# [What you are asked to do]
Reproduce the listing word for word. Skip any image.

# [Information shown]

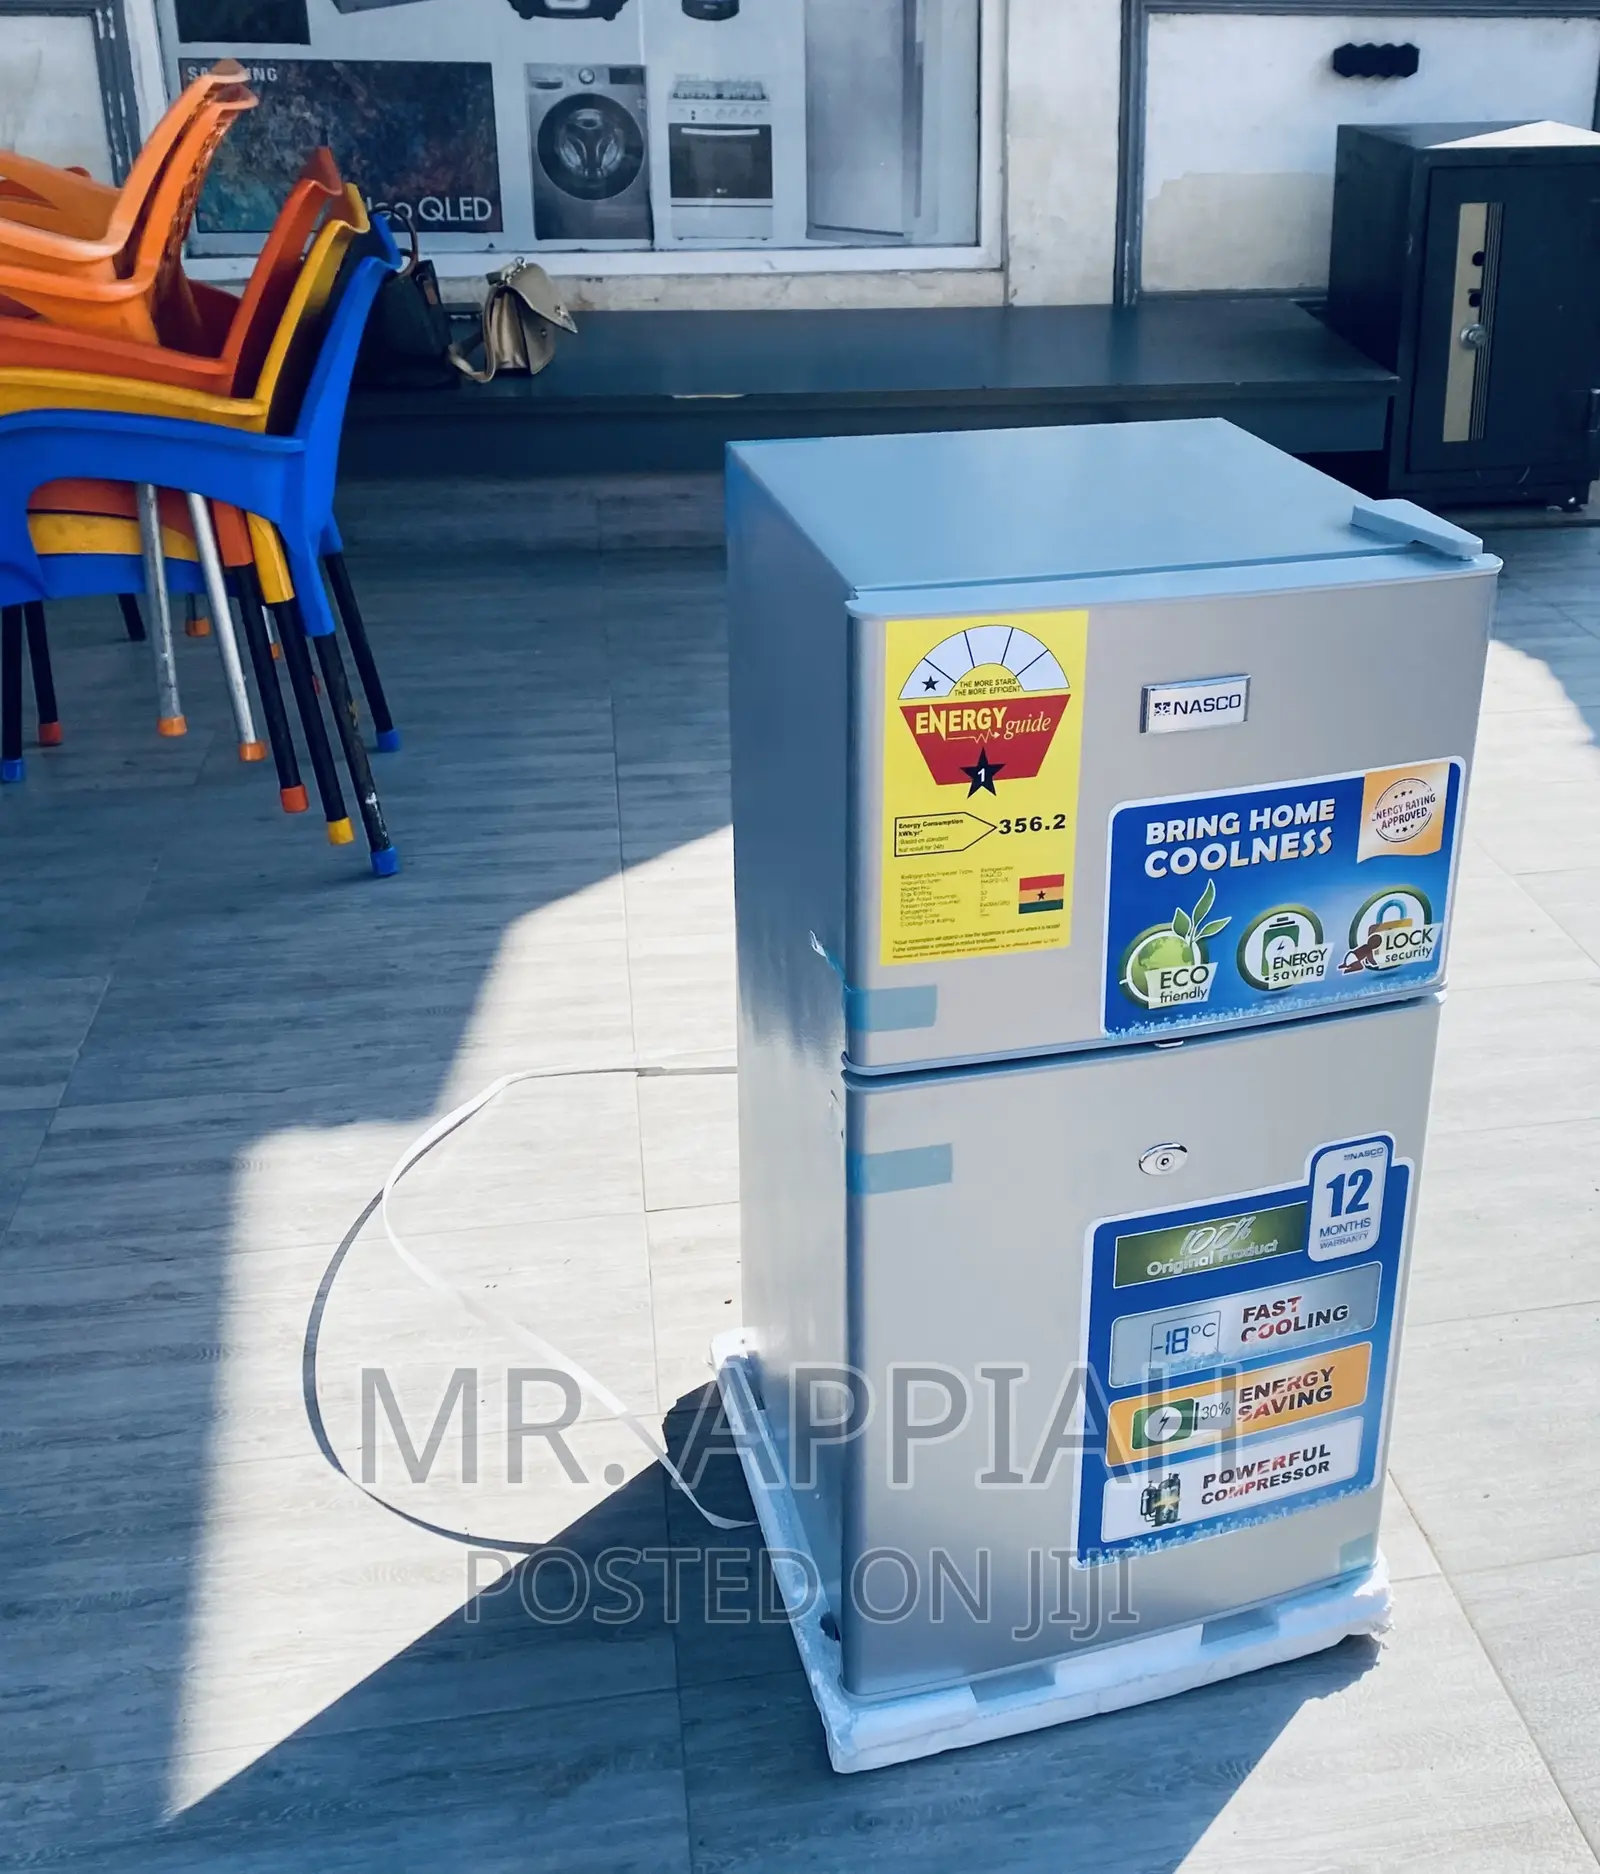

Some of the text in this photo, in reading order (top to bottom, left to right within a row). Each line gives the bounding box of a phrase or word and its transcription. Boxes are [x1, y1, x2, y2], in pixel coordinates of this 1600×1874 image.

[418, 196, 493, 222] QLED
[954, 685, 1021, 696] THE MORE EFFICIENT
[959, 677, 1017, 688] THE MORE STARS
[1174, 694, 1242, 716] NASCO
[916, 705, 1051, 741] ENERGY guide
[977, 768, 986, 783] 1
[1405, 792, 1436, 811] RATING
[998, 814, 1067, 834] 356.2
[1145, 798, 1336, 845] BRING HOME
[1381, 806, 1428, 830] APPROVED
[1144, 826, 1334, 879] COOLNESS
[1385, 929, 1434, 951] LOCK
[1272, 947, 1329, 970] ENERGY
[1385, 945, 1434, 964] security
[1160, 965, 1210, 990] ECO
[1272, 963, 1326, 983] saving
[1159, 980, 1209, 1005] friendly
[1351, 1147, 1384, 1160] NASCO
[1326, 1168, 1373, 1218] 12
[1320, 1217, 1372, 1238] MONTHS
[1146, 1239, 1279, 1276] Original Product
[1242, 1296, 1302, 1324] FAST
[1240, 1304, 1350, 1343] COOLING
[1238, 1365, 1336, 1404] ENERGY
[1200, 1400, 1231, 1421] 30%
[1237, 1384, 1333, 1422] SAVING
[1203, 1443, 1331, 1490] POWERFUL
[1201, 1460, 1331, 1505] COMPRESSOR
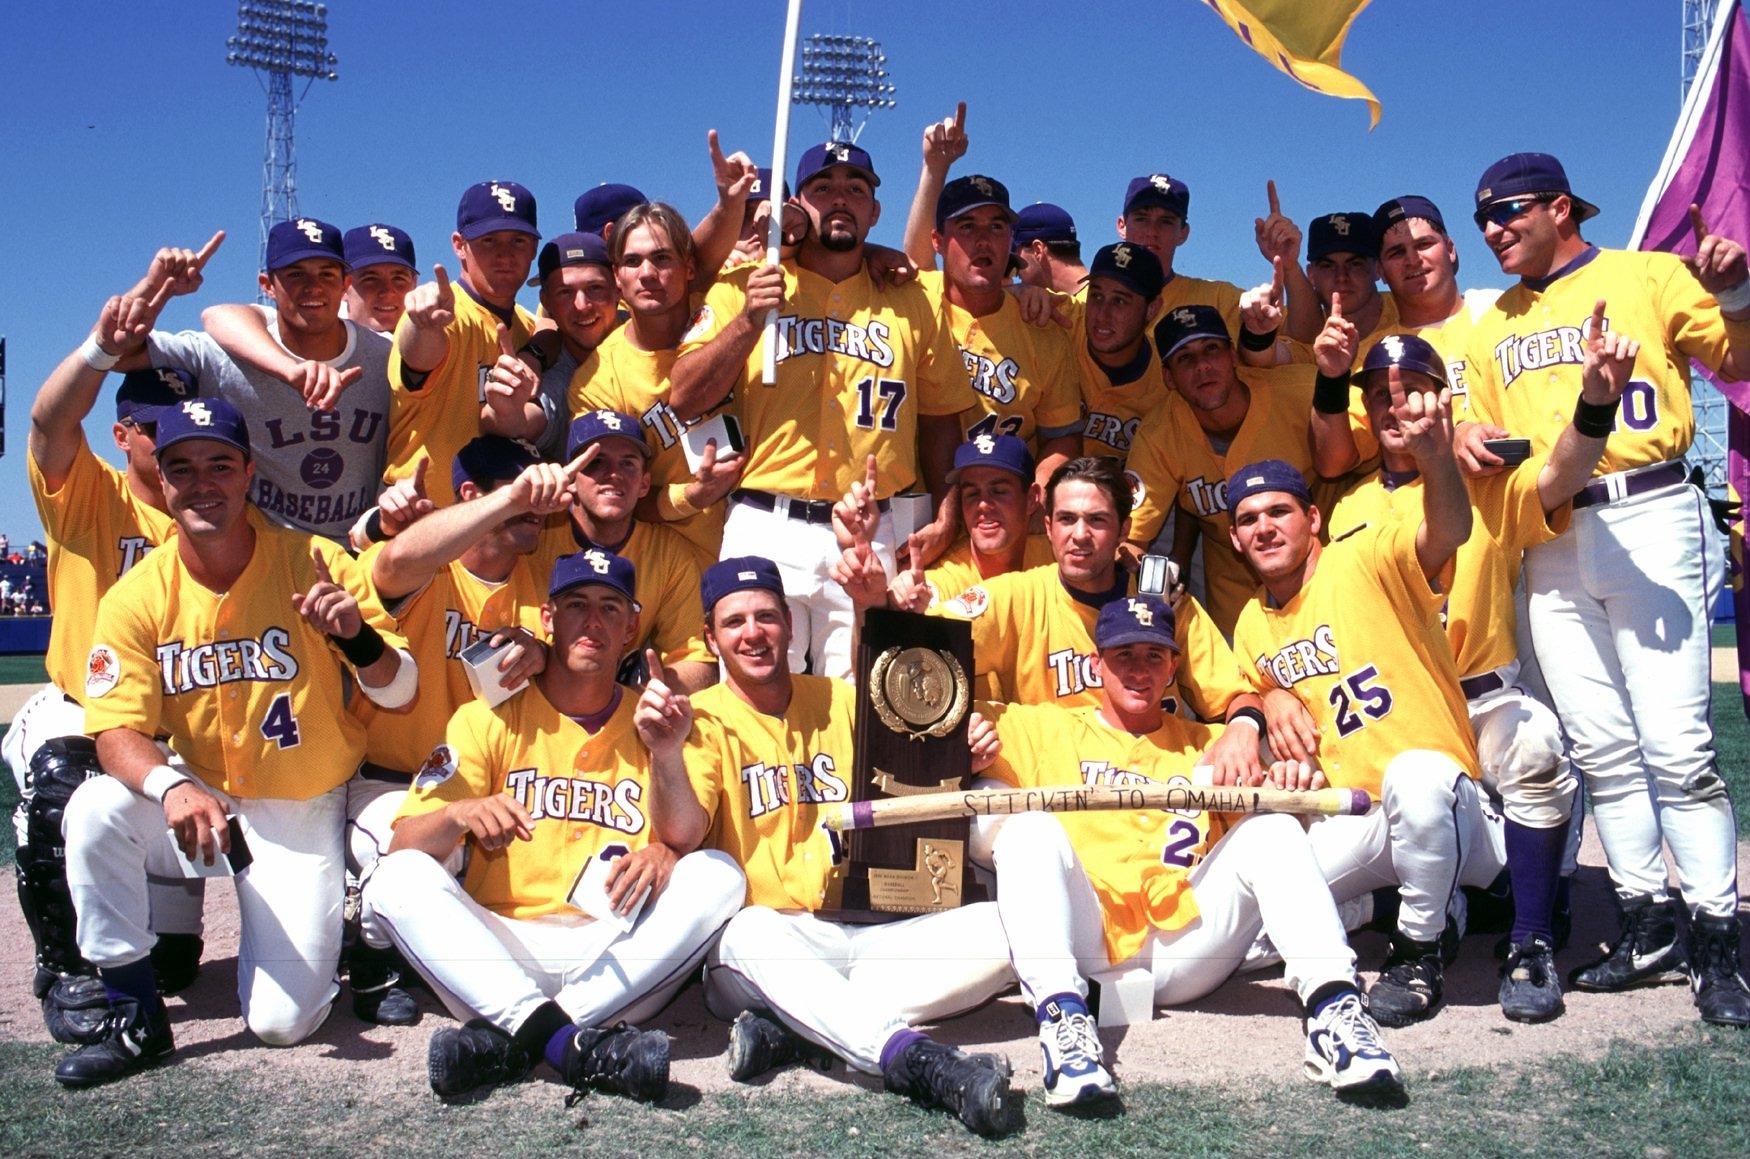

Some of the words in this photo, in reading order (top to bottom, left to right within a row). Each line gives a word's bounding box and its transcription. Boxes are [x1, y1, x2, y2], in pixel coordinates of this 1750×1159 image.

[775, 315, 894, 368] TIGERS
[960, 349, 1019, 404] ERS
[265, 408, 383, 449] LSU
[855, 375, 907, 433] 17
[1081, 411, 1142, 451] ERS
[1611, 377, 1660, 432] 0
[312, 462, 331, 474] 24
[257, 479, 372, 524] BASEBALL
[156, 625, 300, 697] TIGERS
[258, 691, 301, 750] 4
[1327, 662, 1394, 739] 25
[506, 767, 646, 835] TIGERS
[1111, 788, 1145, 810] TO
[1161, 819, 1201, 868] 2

# [Answer below]
Some of the text in this photo, in reading order (top to bottom, left to right within a row). Each line gives the bounding box of a phrase or word and its transcription. Boxes are [x1, y1, x2, y2], in pixel coordinates of this 1600×1874 image.

[418, 196, 493, 222] QLED
[954, 685, 1021, 696] THE MORE EFFICIENT
[959, 677, 1017, 688] THE MORE STARS
[1174, 694, 1242, 716] NASCO
[916, 705, 1051, 741] ENERGY guide
[977, 768, 986, 783] 1
[1405, 792, 1436, 811] RATING
[998, 814, 1067, 834] 356.2
[1145, 798, 1336, 845] BRING HOME
[1381, 806, 1428, 830] APPROVED
[1144, 826, 1334, 879] COOLNESS
[1385, 929, 1434, 951] LOCK
[1272, 947, 1329, 970] ENERGY
[1385, 945, 1434, 964] security
[1160, 965, 1210, 990] ECO
[1272, 963, 1326, 983] saving
[1159, 980, 1209, 1005] friendly
[1351, 1147, 1384, 1160] NASCO
[1326, 1168, 1373, 1218] 12
[1320, 1217, 1372, 1238] MONTHS
[1146, 1239, 1279, 1276] Original Product
[1242, 1296, 1302, 1324] FAST
[1240, 1304, 1350, 1343] COOLING
[1238, 1365, 1336, 1404] ENERGY
[1200, 1400, 1231, 1421] 30%
[1237, 1384, 1333, 1422] SAVING
[1203, 1443, 1331, 1490] POWERFUL
[1201, 1460, 1331, 1505] COMPRESSOR

Some of the words in this photo, in reading order (top to bottom, left to right within a row). Each line gives a word's bounding box and its transcription. Boxes are [x1, y1, x2, y2], in pixel coordinates of this 1750×1159 image.

[775, 315, 894, 368] TIGERS
[960, 349, 1019, 404] ERS
[265, 408, 383, 449] LSU
[855, 375, 907, 433] 17
[1081, 411, 1142, 451] ERS
[1611, 377, 1660, 432] 0
[312, 462, 331, 474] 24
[257, 479, 372, 524] BASEBALL
[156, 625, 300, 697] TIGERS
[258, 691, 301, 750] 4
[1327, 662, 1394, 739] 25
[506, 767, 646, 835] TIGERS
[1111, 788, 1145, 810] TO
[1161, 819, 1201, 868] 2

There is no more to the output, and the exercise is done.